As anyone who has read any of my blog knows, I am quite skillful at extrapolating for paragraph upon paragraph about virtually nothing. But even for me and my love of my own thoughts, it was quite the struggle to come up with topics for this typed letter to Will. And although I had so much to say, because I felt like none of it might be prudent, I had to really constrain my choice of topics. Consequently, I filled the letter with half-thoughts and generic topics. I prattled on about how proud Melissa and I are of him, which of course we are, but to state why seemed to be cutting a little too close to the bone. Thus, I guess he will either be left just feeling good about himself (hopefully) or wondering what he had done to deserve such praise. (The difference between Will and me is that he will likely choose option #1 whereas I would be obsessed over door #2. You decide who is better adjusted.) I also gave some important and fun-killing advice such as “try to make sure you eat some fruits and vegetables each day” and “try to keep your retainer in the same place each day so as not to lose it.” In retrospect, it probably would have been better if I had written the letter by hand so he could not decipher it since in describing it I realize what a dud it is.

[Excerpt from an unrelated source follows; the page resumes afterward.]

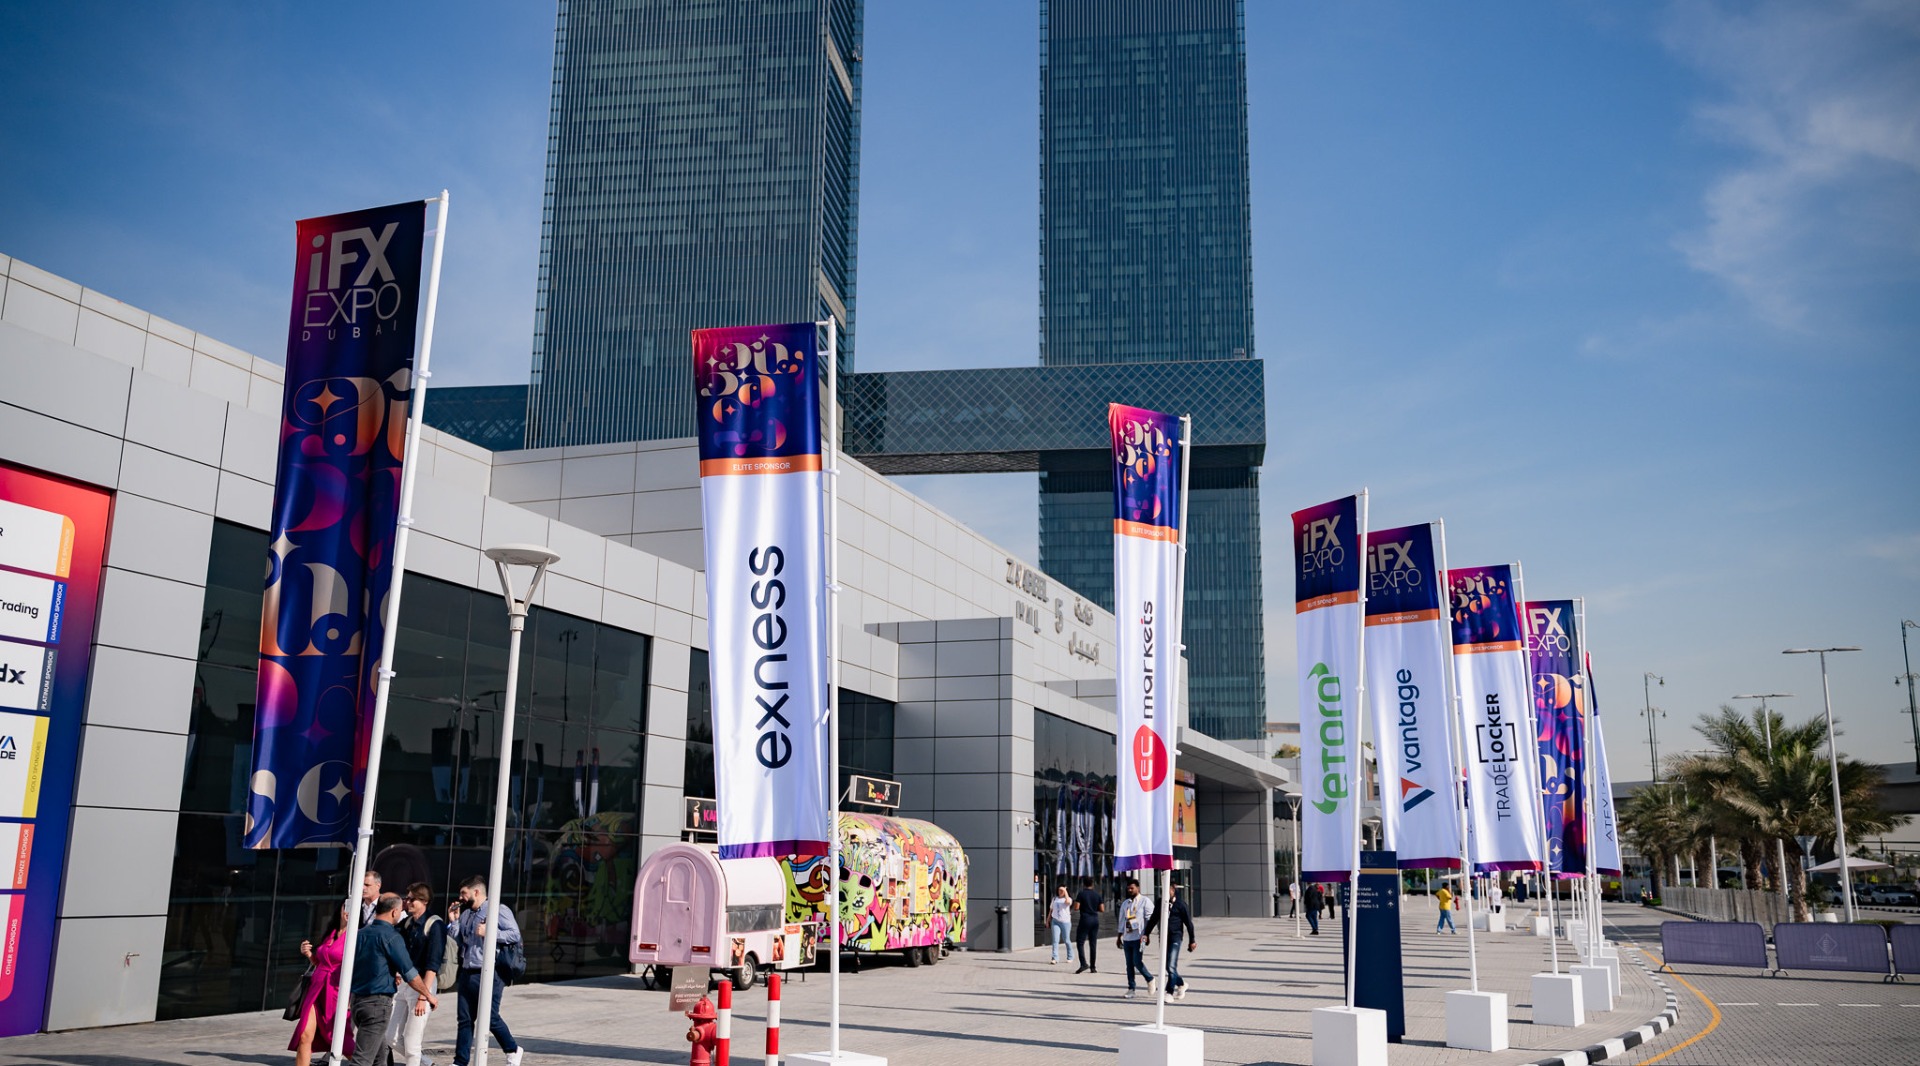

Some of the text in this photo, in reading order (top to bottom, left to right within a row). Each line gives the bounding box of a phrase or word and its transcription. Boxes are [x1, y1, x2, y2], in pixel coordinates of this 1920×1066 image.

But before he departs in just over two days, we will engage in what I believe is universal pre-camp ritual: Making it all about him. This is a bit of a risky strategy as it seems that it might backfire and make the separation even more difficult as he may think as he boards that bus, “Wait. If I can get such great treatment at home, why do I want to go sleep in a non-air-conditioned room full of sweaty boys whom I barely know out in the middle of nowhere for seven weeks?” To bolster this point, I can still remember the day’s activities before I was deported to camp the first time. They included going with my mother to see Ghostbusters – the original one, of course – and lunch at Taco Bell. I was a simple child. We already have his “last meals” mapped out – two diners on that day. We do live on Long Island after all, where “diner” is more properly referred to as “Traditional American.”
I know Will will have a wonderful time, and I am proud of him for so embracing this adventure and the unknown. It is just summer camp, but I think it is a large step towards independence for a nine-year-old child to leave all he knows for such a long stretch. He has surpassed my expectations for him at this stage, which obviously shows he is more like Melissa than like his old man. What a relief. Maybe I will just let her write all the letters from now on and then just sign my name to them. Hopefully he will be having too much fun to bother reading them anyway.